Coleridge insists that doctrine is one thing, and pastoral practice is another. It’s all about starting from human experience (as we repeatedly warned would be the case in previous issues of CFN). In this regard, Cardinal Wuerl and others say, “We must meet people where they are.” Coleridge likewise insists the Church “must put down its roots in human experience.” This is code for accepting the person’s sinful lifestyles as is, and then bend pastoral practice to accommodate it. This is called the “creative” pastoral approach.
Though he claims to respect the Church’s traditional teaching regarding divorce and remarried, Coleridge says, “not every case [of adultery] is the same, and that’s where the pastoral approach needs to take account … just to say every second marriage or second union [divorced and remarried] is adulterous is perhaps too sweeping.”
In one sense Coleridge says nothing new. The Church always noted there can be different degrees of culpability regarding such sins – but also insists that these grievous sins remain grievous sins that bar the soul from the Eucharist. The new “discernment” approach, however, favored by modern ecclesial delinquents, looks to pry open a way to grant access to the Eucharist for couples living in adultery who will not correct their lifestyle.
Coleridge derides the “all or nothing” attitude, saying there is “no black or white.” He frowns upon the word “adultery,” claiming that it is a “convenient and apparently clear blanket term” that does not deal with the reality of human experience in this life or that life.

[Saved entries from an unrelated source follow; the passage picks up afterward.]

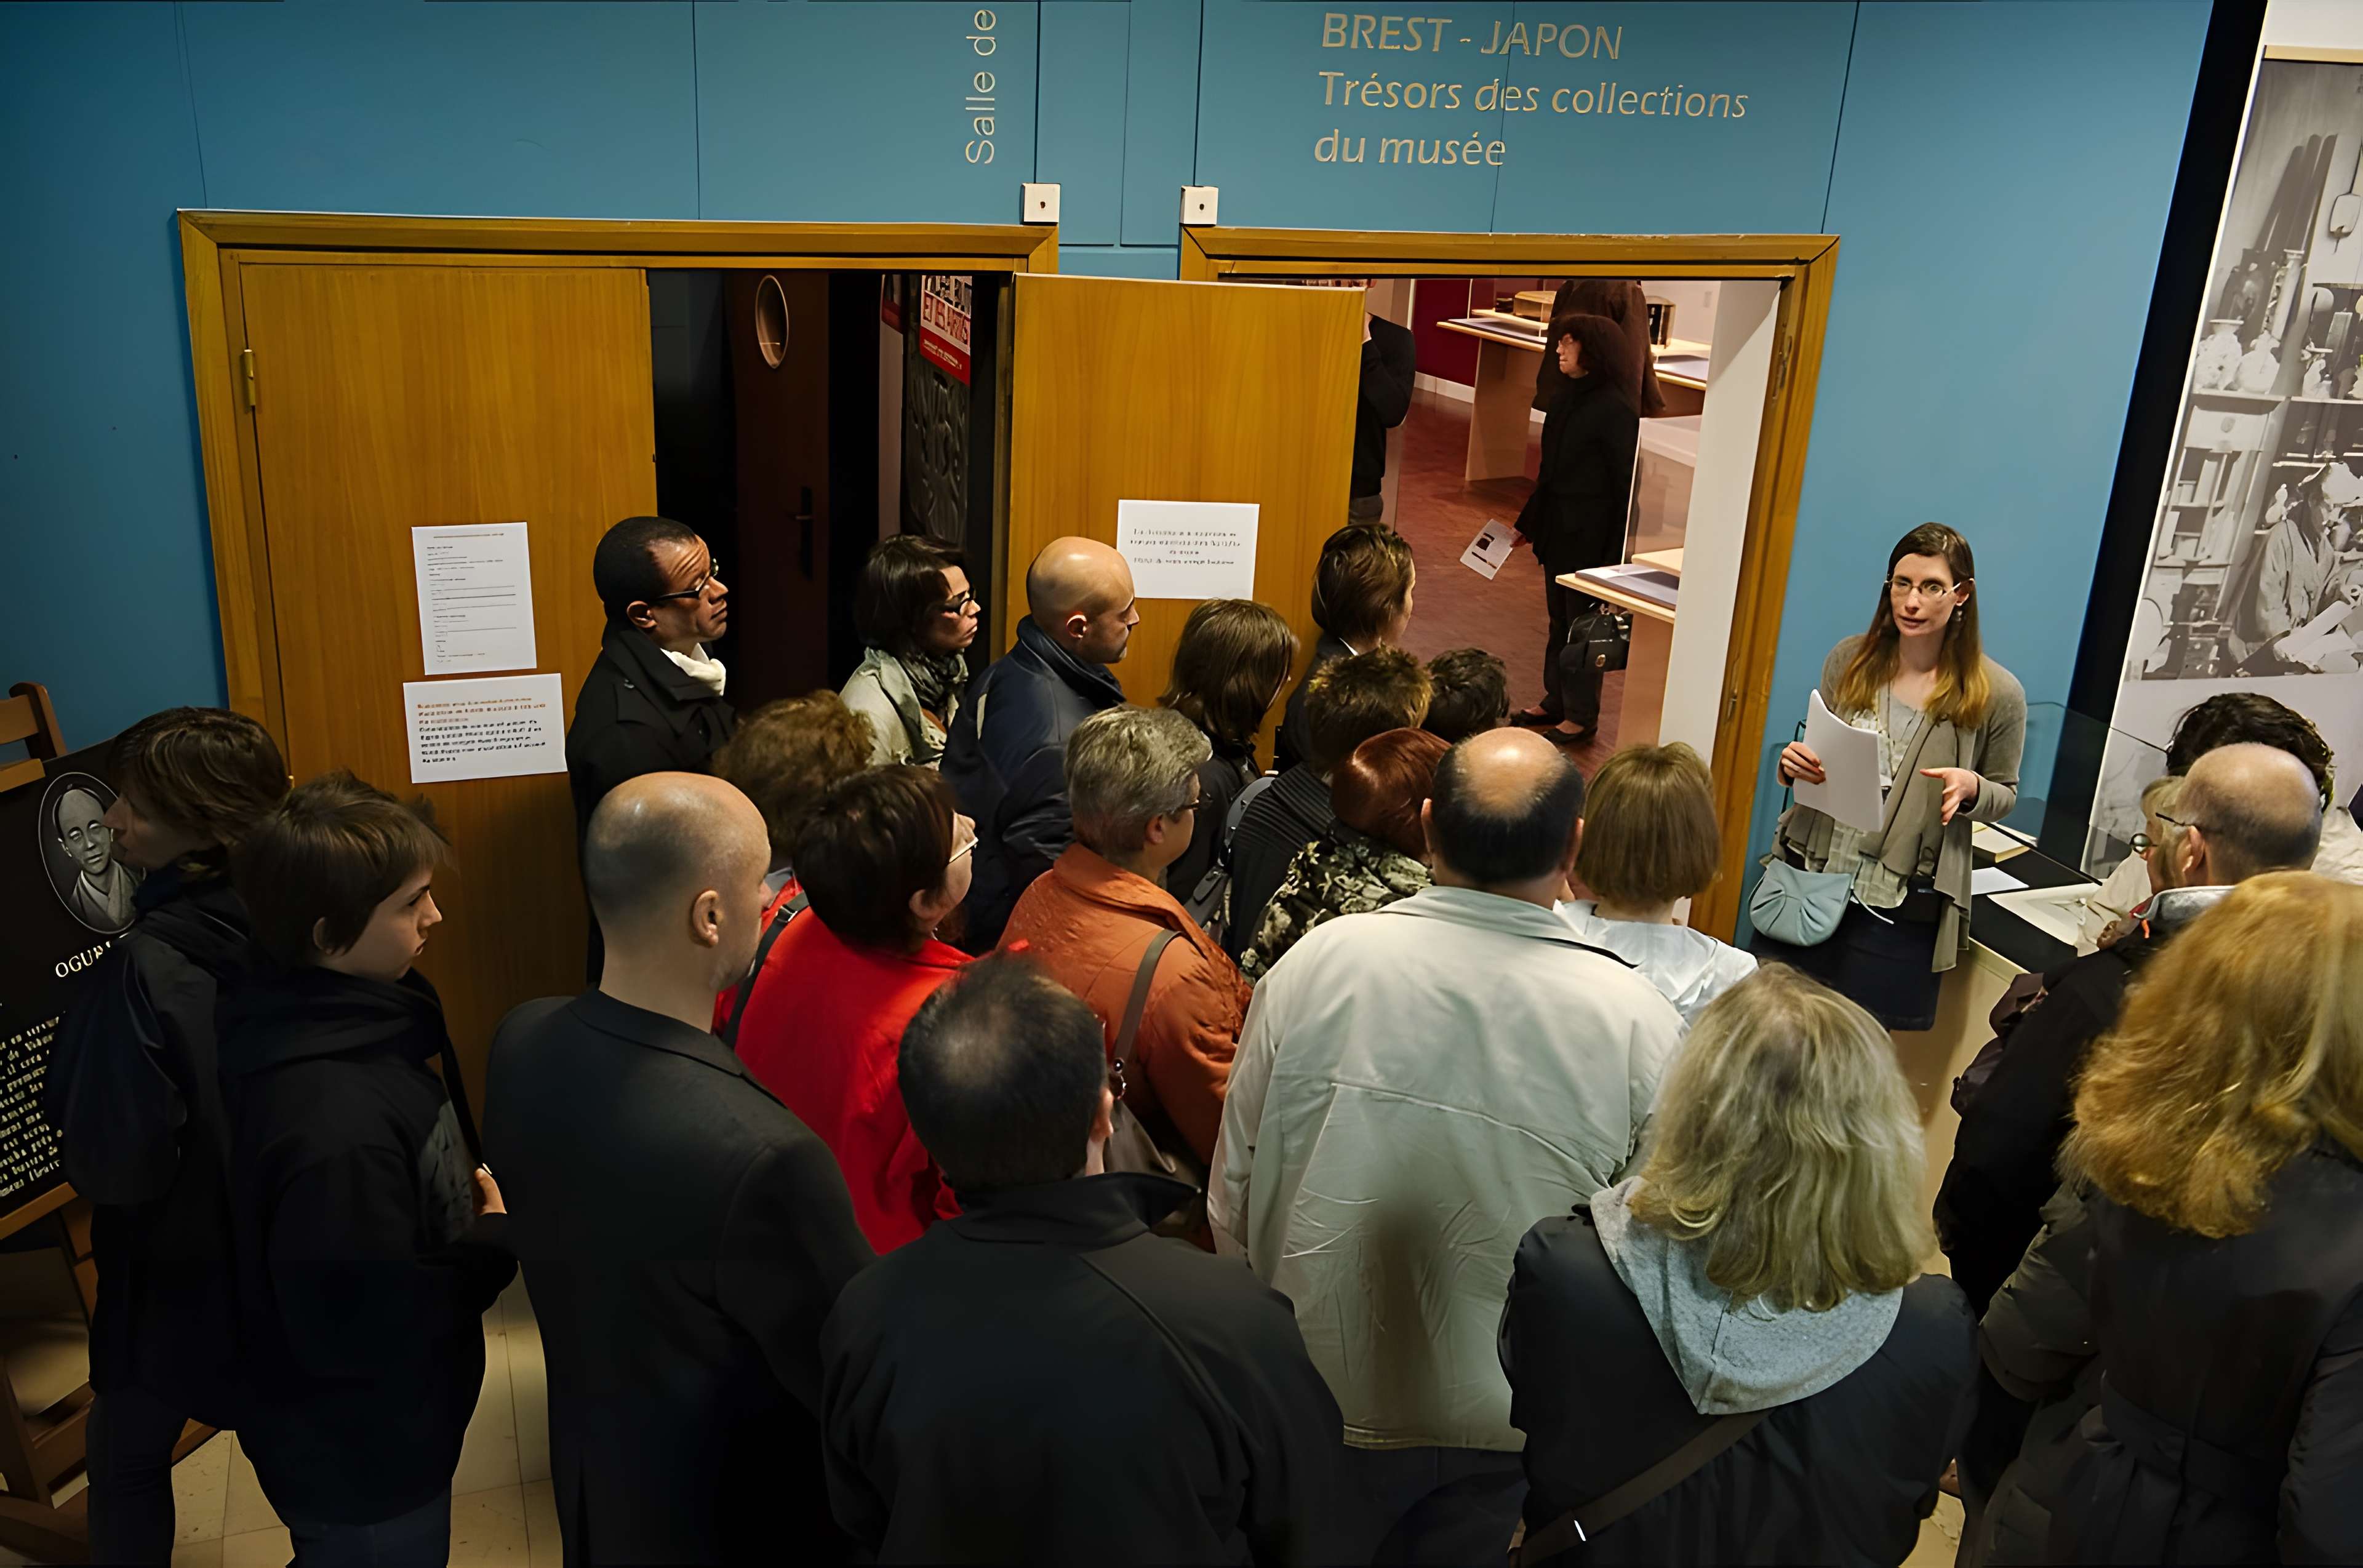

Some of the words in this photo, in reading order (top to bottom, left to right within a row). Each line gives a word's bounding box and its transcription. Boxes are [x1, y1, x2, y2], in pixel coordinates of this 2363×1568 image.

[965, 9, 996, 56] de
[1321, 12, 1452, 52] BREST
[1480, 20, 1623, 60] JAPON
[964, 71, 996, 164] Salle
[1319, 71, 1462, 109] Trésors
[1474, 78, 1540, 112] des
[1551, 82, 1749, 119] collections
[1314, 128, 1366, 163] du
[1378, 131, 1506, 166] musée

All of this twaddle is camouflage for the old heresy of Situation Ethics: the belief that there is no objective morality, and everything depends on the circumstances of the person. Coleridge calls for a whole new language – thus further discarding irreplaceable scholastic precision – so that those living in moral turpitude will not feel “excluded” or “alienated.”

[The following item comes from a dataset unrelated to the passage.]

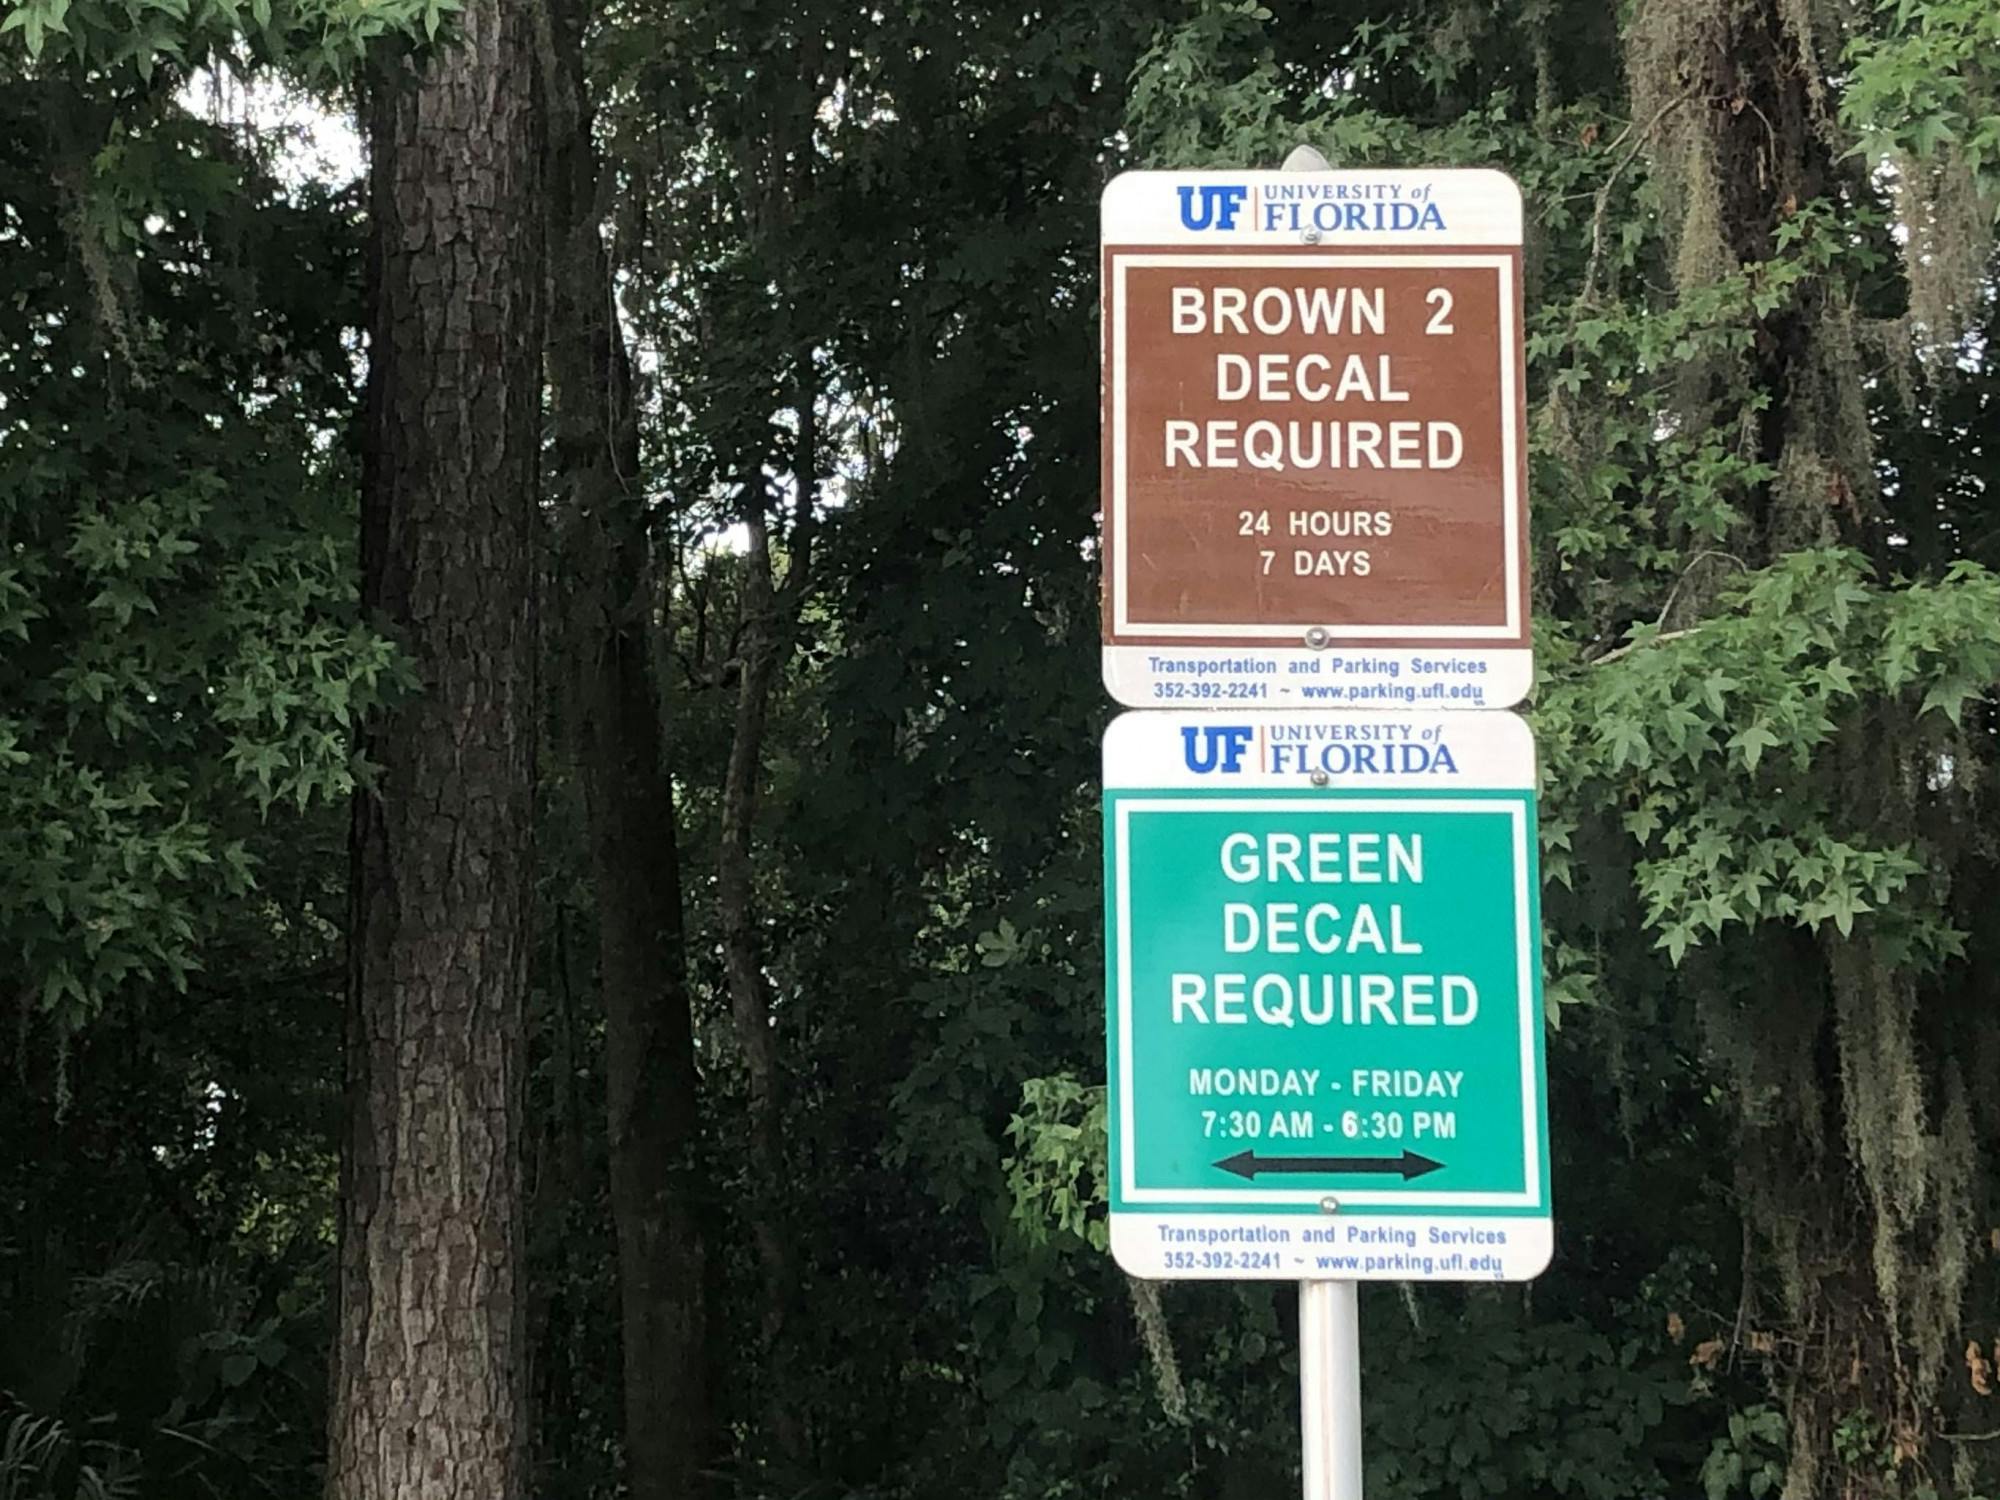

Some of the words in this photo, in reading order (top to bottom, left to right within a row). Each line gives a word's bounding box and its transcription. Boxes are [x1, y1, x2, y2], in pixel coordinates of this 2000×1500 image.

When asked what terminology he would like to see changed, Coleridge responded he would do away with the term “indissolubility,” which he says is “negative in form.” He also wants to discard the phrase “intrinsically disordered act” – a term despised by those who embrace situation ethics, and the term used by the 1993 Catechism to describe homosexuality.

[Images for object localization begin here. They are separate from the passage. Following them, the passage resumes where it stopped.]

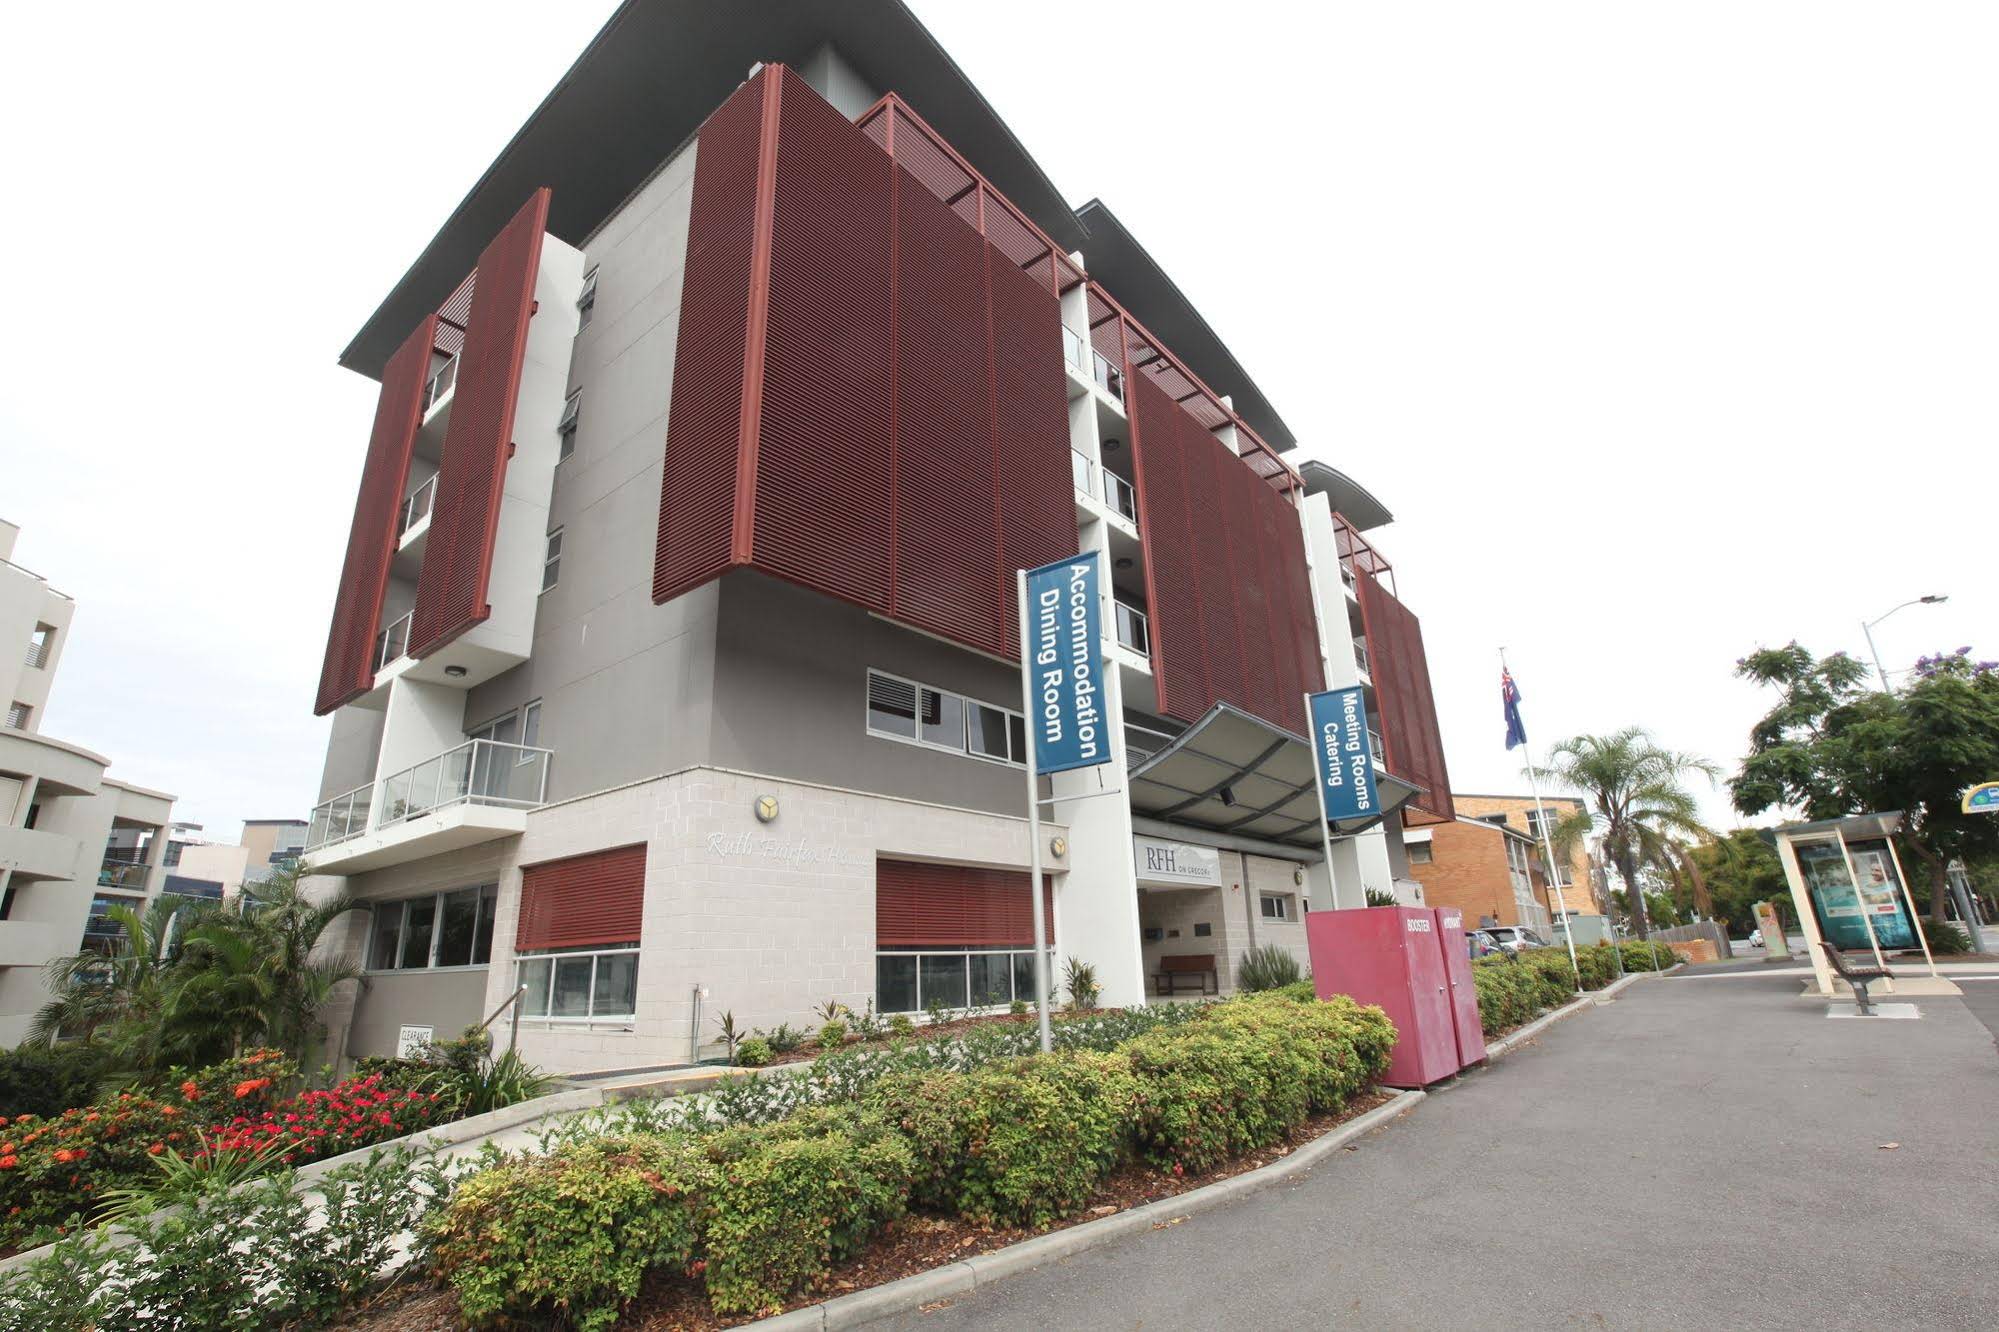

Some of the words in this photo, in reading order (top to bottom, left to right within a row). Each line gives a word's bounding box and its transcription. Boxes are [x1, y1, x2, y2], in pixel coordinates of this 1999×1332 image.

[1037, 588, 1060, 665] Dining
[1070, 564, 1099, 759] Accommodation
[1043, 668, 1063, 743] Room
[1342, 692, 1362, 752] Meeting
[1323, 722, 1343, 787] Catering
[1351, 754, 1370, 810] Rooms
[705, 831, 753, 857] Ruth
[1146, 846, 1177, 872] RFH
[1407, 918, 1431, 932] BOOSTER
[402, 1029, 430, 1041] CLEARANCE

Worse, Coleridge goes on to say, “These are just two examples, there would be many, many other” traditional Catholic terms he wants to shed.
As a true revolutionary, Coleridge sums up his hope that the synod “would bring the whole Church to a new listening, for the sake of a new language, that would open new doors and new possibilities.”
He also rightly explains that the effects of this Synod will not end with the closing of the October event, but will extend far into the future.
Other prelates from the final Synod week piped a similar tune.
During the October 22 Press Briefing, Cardinal Gracias ladled out his subversion of Catholic truth claiming, “Theology progresses, the doctrine remains the same, and our understanding of Church discipline progresses.” – words that would warm Teilhard’s heart. After spouting the false claim that John Paul II’s Familiaris Consortio opened the doors to ‘different circumstances’ that could lead the way for some divorced and remarried to receive the Eucharist, Gracias said, “I don’t think we have seen the solution … this has got to be tackled, this has got to be studied … as we deepen our understanding … I am sure you will find a way forward.” Gracias acts as if the solution does not already exist, that those in a second “marriage” must repent of their adultery in order for readmission to the Sacraments, a clear teaching of Familiaris Consortio that Gracias does not mention.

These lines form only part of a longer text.